Collected data:
□ □ □ □ □

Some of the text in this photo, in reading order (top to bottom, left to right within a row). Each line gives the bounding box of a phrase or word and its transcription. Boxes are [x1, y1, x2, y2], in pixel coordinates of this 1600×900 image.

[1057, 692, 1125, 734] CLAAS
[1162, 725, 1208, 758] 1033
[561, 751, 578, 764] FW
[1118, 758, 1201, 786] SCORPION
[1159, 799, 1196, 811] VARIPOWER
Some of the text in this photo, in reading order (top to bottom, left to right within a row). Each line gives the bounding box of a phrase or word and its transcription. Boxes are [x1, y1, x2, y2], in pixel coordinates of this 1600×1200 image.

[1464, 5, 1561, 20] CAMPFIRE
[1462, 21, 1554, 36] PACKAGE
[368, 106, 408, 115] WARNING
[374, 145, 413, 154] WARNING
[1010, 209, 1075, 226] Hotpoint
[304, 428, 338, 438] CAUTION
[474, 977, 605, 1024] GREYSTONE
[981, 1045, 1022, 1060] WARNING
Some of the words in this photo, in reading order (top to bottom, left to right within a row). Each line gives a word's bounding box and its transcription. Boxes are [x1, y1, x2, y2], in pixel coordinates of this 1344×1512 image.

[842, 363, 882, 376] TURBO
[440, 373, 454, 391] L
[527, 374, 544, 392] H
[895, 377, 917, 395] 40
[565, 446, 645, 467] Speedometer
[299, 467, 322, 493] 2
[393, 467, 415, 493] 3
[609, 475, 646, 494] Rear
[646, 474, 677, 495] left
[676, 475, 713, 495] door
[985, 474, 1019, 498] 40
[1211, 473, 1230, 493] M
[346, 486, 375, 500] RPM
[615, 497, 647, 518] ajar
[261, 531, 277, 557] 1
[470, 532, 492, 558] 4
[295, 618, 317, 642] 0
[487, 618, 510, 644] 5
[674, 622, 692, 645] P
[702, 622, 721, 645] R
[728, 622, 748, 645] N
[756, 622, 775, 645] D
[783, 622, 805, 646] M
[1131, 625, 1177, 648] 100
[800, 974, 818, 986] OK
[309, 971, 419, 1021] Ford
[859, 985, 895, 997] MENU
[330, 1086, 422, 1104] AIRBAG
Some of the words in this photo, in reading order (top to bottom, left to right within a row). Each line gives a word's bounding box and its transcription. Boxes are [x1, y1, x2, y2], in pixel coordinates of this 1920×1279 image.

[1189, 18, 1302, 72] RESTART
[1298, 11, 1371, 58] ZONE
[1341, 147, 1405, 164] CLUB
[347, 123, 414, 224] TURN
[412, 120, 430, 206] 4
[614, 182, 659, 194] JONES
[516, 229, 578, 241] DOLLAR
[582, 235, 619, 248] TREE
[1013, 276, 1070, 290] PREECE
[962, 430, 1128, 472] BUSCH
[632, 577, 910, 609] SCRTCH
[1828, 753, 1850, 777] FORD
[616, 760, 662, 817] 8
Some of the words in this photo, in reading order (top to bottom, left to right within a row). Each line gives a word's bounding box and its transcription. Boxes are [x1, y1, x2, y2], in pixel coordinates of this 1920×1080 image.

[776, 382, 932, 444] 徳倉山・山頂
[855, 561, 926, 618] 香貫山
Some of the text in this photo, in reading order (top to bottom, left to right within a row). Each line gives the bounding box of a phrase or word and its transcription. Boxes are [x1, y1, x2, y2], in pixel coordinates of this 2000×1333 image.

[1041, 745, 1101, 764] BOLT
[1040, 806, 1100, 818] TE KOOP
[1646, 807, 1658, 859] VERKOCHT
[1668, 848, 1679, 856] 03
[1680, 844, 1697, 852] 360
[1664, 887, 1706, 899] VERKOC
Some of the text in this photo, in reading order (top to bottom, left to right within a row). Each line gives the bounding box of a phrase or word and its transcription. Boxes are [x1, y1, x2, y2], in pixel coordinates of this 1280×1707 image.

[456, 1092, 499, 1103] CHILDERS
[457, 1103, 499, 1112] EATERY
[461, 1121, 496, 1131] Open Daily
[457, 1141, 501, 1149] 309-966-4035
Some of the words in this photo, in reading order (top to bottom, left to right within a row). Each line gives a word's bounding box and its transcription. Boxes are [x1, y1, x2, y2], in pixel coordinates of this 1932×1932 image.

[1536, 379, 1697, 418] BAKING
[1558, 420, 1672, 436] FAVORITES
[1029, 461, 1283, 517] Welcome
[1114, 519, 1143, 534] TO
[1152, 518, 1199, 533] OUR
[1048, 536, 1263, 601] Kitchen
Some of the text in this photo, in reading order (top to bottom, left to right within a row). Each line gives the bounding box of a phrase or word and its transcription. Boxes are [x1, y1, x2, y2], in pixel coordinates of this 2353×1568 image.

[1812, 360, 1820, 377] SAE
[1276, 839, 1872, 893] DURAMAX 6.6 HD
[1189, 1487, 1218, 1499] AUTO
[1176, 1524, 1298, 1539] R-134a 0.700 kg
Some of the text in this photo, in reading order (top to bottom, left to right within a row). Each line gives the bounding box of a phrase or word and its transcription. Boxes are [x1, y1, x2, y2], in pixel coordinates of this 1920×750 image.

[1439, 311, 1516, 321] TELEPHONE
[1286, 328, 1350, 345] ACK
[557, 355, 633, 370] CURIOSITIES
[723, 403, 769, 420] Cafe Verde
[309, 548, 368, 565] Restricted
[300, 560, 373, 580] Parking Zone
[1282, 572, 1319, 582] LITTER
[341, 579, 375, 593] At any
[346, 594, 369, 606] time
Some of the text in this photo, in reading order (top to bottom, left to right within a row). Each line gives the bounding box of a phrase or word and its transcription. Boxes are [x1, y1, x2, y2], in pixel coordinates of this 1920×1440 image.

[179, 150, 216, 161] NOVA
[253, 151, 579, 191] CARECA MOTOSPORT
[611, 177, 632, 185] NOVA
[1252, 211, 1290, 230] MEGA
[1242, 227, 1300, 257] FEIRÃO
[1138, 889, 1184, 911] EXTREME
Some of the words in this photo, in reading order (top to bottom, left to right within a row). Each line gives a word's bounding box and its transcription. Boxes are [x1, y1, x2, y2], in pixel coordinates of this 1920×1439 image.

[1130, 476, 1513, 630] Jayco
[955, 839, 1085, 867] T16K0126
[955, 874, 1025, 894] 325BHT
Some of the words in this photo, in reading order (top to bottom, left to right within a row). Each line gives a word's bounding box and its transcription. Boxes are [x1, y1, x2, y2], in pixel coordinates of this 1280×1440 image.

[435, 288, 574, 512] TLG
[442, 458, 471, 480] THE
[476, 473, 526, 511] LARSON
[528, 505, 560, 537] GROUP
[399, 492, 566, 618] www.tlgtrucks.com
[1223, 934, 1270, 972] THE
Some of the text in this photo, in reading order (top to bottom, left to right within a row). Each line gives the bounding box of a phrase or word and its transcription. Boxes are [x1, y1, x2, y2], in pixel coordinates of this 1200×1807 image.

□ □ □ □ □

Exactly as they stand, write out all of the entries.

- _FINAL ANSWER_:
Some of the text in this photo, in reading order (top to bottom, left to right within a row). Each line gives the bounding box of a phrase or word and its transcription. Boxes are [x1, y1, x2, y2], in pixel coordinates of this 1600×900 image.

[1057, 692, 1125, 734] CLAAS
[1162, 725, 1208, 758] 1033
[561, 751, 578, 764] FW
[1118, 758, 1201, 786] SCORPION
[1159, 799, 1196, 811] VARIPOWER
Some of the text in this photo, in reading order (top to bottom, left to right within a row). Each line gives the bounding box of a phrase or word and its transcription. Boxes are [x1, y1, x2, y2], in pixel coordinates of this 1600×1200 image.

[1464, 5, 1561, 20] CAMPFIRE
[1462, 21, 1554, 36] PACKAGE
[368, 106, 408, 115] WARNING
[374, 145, 413, 154] WARNING
[1010, 209, 1075, 226] Hotpoint
[304, 428, 338, 438] CAUTION
[474, 977, 605, 1024] GREYSTONE
[981, 1045, 1022, 1060] WARNING
Some of the words in this photo, in reading order (top to bottom, left to right within a row). Each line gives a word's bounding box and its transcription. Boxes are [x1, y1, x2, y2], in pixel coordinates of this 1344×1512 image.

[842, 363, 882, 376] TURBO
[440, 373, 454, 391] L
[527, 374, 544, 392] H
[895, 377, 917, 395] 40
[565, 446, 645, 467] Speedometer
[299, 467, 322, 493] 2
[393, 467, 415, 493] 3
[609, 475, 646, 494] Rear
[646, 474, 677, 495] left
[676, 475, 713, 495] door
[985, 474, 1019, 498] 40
[1211, 473, 1230, 493] M
[346, 486, 375, 500] RPM
[615, 497, 647, 518] ajar
[261, 531, 277, 557] 1
[470, 532, 492, 558] 4
[295, 618, 317, 642] 0
[487, 618, 510, 644] 5
[674, 622, 692, 645] P
[702, 622, 721, 645] R
[728, 622, 748, 645] N
[756, 622, 775, 645] D
[783, 622, 805, 646] M
[1131, 625, 1177, 648] 100
[800, 974, 818, 986] OK
[309, 971, 419, 1021] Ford
[859, 985, 895, 997] MENU
[330, 1086, 422, 1104] AIRBAG
Some of the words in this photo, in reading order (top to bottom, left to right within a row). Each line gives a word's bounding box and its transcription. Boxes are [x1, y1, x2, y2], in pixel coordinates of this 1920×1279 image.

[1189, 18, 1302, 72] RESTART
[1298, 11, 1371, 58] ZONE
[1341, 147, 1405, 164] CLUB
[347, 123, 414, 224] TURN
[412, 120, 430, 206] 4
[614, 182, 659, 194] JONES
[516, 229, 578, 241] DOLLAR
[582, 235, 619, 248] TREE
[1013, 276, 1070, 290] PREECE
[962, 430, 1128, 472] BUSCH
[632, 577, 910, 609] SCRTCH
[1828, 753, 1850, 777] FORD
[616, 760, 662, 817] 8
Some of the words in this photo, in reading order (top to bottom, left to right within a row). Each line gives a word's bounding box and its transcription. Boxes are [x1, y1, x2, y2], in pixel coordinates of this 1920×1080 image.

[776, 382, 932, 444] 徳倉山・山頂
[855, 561, 926, 618] 香貫山
Some of the text in this photo, in reading order (top to bottom, left to right within a row). Each line gives the bounding box of a phrase or word and its transcription. Boxes are [x1, y1, x2, y2], in pixel coordinates of this 2000×1333 image.

[1041, 745, 1101, 764] BOLT
[1040, 806, 1100, 818] TE KOOP
[1646, 807, 1658, 859] VERKOCHT
[1668, 848, 1679, 856] 03
[1680, 844, 1697, 852] 360
[1664, 887, 1706, 899] VERKOC
Some of the text in this photo, in reading order (top to bottom, left to right within a row). Each line gives the bounding box of a phrase or word and its transcription. Boxes are [x1, y1, x2, y2], in pixel coordinates of this 1280×1707 image.

[456, 1092, 499, 1103] CHILDERS
[457, 1103, 499, 1112] EATERY
[461, 1121, 496, 1131] Open Daily
[457, 1141, 501, 1149] 309-966-4035
Some of the words in this photo, in reading order (top to bottom, left to right within a row). Each line gives a word's bounding box and its transcription. Boxes are [x1, y1, x2, y2], in pixel coordinates of this 1932×1932 image.

[1536, 379, 1697, 418] BAKING
[1558, 420, 1672, 436] FAVORITES
[1029, 461, 1283, 517] Welcome
[1114, 519, 1143, 534] TO
[1152, 518, 1199, 533] OUR
[1048, 536, 1263, 601] Kitchen
Some of the text in this photo, in reading order (top to bottom, left to right within a row). Each line gives the bounding box of a phrase or word and its transcription. Boxes are [x1, y1, x2, y2], in pixel coordinates of this 2353×1568 image.

[1812, 360, 1820, 377] SAE
[1276, 839, 1872, 893] DURAMAX 6.6 HD
[1189, 1487, 1218, 1499] AUTO
[1176, 1524, 1298, 1539] R-134a 0.700 kg
Some of the text in this photo, in reading order (top to bottom, left to right within a row). Each line gives the bounding box of a phrase or word and its transcription. Boxes are [x1, y1, x2, y2], in pixel coordinates of this 1920×750 image.

[1439, 311, 1516, 321] TELEPHONE
[1286, 328, 1350, 345] ACK
[557, 355, 633, 370] CURIOSITIES
[723, 403, 769, 420] Cafe Verde
[309, 548, 368, 565] Restricted
[300, 560, 373, 580] Parking Zone
[1282, 572, 1319, 582] LITTER
[341, 579, 375, 593] At any
[346, 594, 369, 606] time
Some of the text in this photo, in reading order (top to bottom, left to right within a row). Each line gives the bounding box of a phrase or word and its transcription. Boxes are [x1, y1, x2, y2], in pixel coordinates of this 1920×1440 image.

[179, 150, 216, 161] NOVA
[253, 151, 579, 191] CARECA MOTOSPORT
[611, 177, 632, 185] NOVA
[1252, 211, 1290, 230] MEGA
[1242, 227, 1300, 257] FEIRÃO
[1138, 889, 1184, 911] EXTREME
Some of the words in this photo, in reading order (top to bottom, left to right within a row). Each line gives a word's bounding box and its transcription. Boxes are [x1, y1, x2, y2], in pixel coordinates of this 1920×1439 image.

[1130, 476, 1513, 630] Jayco
[955, 839, 1085, 867] T16K0126
[955, 874, 1025, 894] 325BHT
Some of the words in this photo, in reading order (top to bottom, left to right within a row). Each line gives a word's bounding box and its transcription. Boxes are [x1, y1, x2, y2], in pixel coordinates of this 1280×1440 image.

[435, 288, 574, 512] TLG
[442, 458, 471, 480] THE
[476, 473, 526, 511] LARSON
[528, 505, 560, 537] GROUP
[399, 492, 566, 618] www.tlgtrucks.com
[1223, 934, 1270, 972] THE
Some of the text in this photo, in reading order (top to bottom, left to right within a row). Each line gives the bounding box of a phrase or word and its transcription. Boxes are [x1, y1, x2, y2], in pixel coordinates of this 1200×1807 image.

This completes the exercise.